*BRIEF*
Return the entries in full, exactly as written.
===== DATA TO PROCESS =====
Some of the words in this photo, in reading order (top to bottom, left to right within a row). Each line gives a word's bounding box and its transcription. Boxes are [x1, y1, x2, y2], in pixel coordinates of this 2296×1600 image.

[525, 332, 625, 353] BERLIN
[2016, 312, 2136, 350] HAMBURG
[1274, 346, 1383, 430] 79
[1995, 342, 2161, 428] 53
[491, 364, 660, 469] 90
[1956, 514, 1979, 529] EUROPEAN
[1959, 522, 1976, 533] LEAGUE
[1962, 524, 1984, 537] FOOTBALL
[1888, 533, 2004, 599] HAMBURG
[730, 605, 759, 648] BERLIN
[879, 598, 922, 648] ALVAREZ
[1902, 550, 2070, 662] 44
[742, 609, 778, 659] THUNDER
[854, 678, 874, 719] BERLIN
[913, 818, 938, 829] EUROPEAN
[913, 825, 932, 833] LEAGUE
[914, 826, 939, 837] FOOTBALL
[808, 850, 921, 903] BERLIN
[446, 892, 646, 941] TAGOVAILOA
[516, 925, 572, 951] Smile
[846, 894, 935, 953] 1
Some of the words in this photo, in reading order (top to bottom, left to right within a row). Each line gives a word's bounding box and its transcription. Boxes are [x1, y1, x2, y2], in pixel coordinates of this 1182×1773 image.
=====
*YOUR SOLUTION*
Some of the words in this photo, in reading order (top to bottom, left to right within a row). Each line gives a word's bounding box and its transcription. Boxes are [x1, y1, x2, y2], in pixel coordinates of this 2296×1600 image.

[525, 332, 625, 353] BERLIN
[2016, 312, 2136, 350] HAMBURG
[1274, 346, 1383, 430] 79
[1995, 342, 2161, 428] 53
[491, 364, 660, 469] 90
[1956, 514, 1979, 529] EUROPEAN
[1959, 522, 1976, 533] LEAGUE
[1962, 524, 1984, 537] FOOTBALL
[1888, 533, 2004, 599] HAMBURG
[730, 605, 759, 648] BERLIN
[879, 598, 922, 648] ALVAREZ
[1902, 550, 2070, 662] 44
[742, 609, 778, 659] THUNDER
[854, 678, 874, 719] BERLIN
[913, 818, 938, 829] EUROPEAN
[913, 825, 932, 833] LEAGUE
[914, 826, 939, 837] FOOTBALL
[808, 850, 921, 903] BERLIN
[446, 892, 646, 941] TAGOVAILOA
[516, 925, 572, 951] Smile
[846, 894, 935, 953] 1
Some of the words in this photo, in reading order (top to bottom, left to right within a row). Each line gives a word's bounding box and its transcription. Boxes are [x1, y1, x2, y2], in pixel coordinates of this 1182×1773 image.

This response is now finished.